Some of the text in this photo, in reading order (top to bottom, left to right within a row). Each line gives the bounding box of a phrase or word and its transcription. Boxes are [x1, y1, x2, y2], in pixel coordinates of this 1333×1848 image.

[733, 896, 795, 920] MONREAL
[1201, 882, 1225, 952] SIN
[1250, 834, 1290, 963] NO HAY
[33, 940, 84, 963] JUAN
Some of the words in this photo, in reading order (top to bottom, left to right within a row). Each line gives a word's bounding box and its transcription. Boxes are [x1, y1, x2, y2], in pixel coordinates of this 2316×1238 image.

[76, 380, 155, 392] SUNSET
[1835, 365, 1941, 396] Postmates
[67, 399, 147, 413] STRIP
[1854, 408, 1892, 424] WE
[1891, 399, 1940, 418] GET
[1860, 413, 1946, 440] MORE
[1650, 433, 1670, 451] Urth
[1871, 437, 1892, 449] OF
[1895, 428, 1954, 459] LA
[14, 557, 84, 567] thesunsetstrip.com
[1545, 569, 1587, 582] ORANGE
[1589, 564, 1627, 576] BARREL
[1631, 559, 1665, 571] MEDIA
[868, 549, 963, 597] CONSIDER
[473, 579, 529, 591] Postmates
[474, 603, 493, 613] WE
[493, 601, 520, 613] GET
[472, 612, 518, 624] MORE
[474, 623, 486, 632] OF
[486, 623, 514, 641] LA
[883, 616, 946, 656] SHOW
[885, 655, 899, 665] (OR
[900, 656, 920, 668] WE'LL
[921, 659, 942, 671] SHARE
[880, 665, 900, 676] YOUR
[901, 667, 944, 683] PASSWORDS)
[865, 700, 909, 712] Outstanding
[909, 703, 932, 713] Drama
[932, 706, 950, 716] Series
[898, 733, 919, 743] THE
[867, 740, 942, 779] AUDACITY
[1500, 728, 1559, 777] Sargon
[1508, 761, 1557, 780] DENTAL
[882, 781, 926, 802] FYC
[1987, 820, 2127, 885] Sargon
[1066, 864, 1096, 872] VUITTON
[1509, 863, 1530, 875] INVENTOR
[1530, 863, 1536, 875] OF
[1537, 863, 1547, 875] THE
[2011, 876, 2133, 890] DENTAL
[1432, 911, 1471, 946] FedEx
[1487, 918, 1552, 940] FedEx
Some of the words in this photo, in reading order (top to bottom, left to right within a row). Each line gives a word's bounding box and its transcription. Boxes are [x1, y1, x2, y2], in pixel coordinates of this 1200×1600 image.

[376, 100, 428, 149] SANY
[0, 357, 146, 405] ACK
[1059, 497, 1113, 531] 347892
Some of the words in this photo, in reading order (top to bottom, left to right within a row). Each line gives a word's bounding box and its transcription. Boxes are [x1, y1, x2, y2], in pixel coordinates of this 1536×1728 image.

=====

_WORK ORDER:_ Every line of the listing above is to be set down again without any change.

_RESPONSE BELOW:_
Some of the text in this photo, in reading order (top to bottom, left to right within a row). Each line gives the bounding box of a phrase or word and its transcription. Boxes are [x1, y1, x2, y2], in pixel coordinates of this 1333×1848 image.

[733, 896, 795, 920] MONREAL
[1201, 882, 1225, 952] SIN
[1250, 834, 1290, 963] NO HAY
[33, 940, 84, 963] JUAN
Some of the words in this photo, in reading order (top to bottom, left to right within a row). Each line gives a word's bounding box and its transcription. Boxes are [x1, y1, x2, y2], in pixel coordinates of this 2316×1238 image.

[76, 380, 155, 392] SUNSET
[1835, 365, 1941, 396] Postmates
[67, 399, 147, 413] STRIP
[1854, 408, 1892, 424] WE
[1891, 399, 1940, 418] GET
[1860, 413, 1946, 440] MORE
[1650, 433, 1670, 451] Urth
[1871, 437, 1892, 449] OF
[1895, 428, 1954, 459] LA
[14, 557, 84, 567] thesunsetstrip.com
[1545, 569, 1587, 582] ORANGE
[1589, 564, 1627, 576] BARREL
[1631, 559, 1665, 571] MEDIA
[868, 549, 963, 597] CONSIDER
[473, 579, 529, 591] Postmates
[474, 603, 493, 613] WE
[493, 601, 520, 613] GET
[472, 612, 518, 624] MORE
[474, 623, 486, 632] OF
[486, 623, 514, 641] LA
[883, 616, 946, 656] SHOW
[885, 655, 899, 665] (OR
[900, 656, 920, 668] WE'LL
[921, 659, 942, 671] SHARE
[880, 665, 900, 676] YOUR
[901, 667, 944, 683] PASSWORDS)
[865, 700, 909, 712] Outstanding
[909, 703, 932, 713] Drama
[932, 706, 950, 716] Series
[898, 733, 919, 743] THE
[867, 740, 942, 779] AUDACITY
[1500, 728, 1559, 777] Sargon
[1508, 761, 1557, 780] DENTAL
[882, 781, 926, 802] FYC
[1987, 820, 2127, 885] Sargon
[1066, 864, 1096, 872] VUITTON
[1509, 863, 1530, 875] INVENTOR
[1530, 863, 1536, 875] OF
[1537, 863, 1547, 875] THE
[2011, 876, 2133, 890] DENTAL
[1432, 911, 1471, 946] FedEx
[1487, 918, 1552, 940] FedEx
Some of the words in this photo, in reading order (top to bottom, left to right within a row). Each line gives a word's bounding box and its transcription. Boxes are [x1, y1, x2, y2], in pixel coordinates of this 1200×1600 image.

[376, 100, 428, 149] SANY
[0, 357, 146, 405] ACK
[1059, 497, 1113, 531] 347892
Some of the words in this photo, in reading order (top to bottom, left to right within a row). Each line gives a word's bounding box and its transcription. Boxes are [x1, y1, x2, y2], in pixel coordinates of this 1536×1728 image.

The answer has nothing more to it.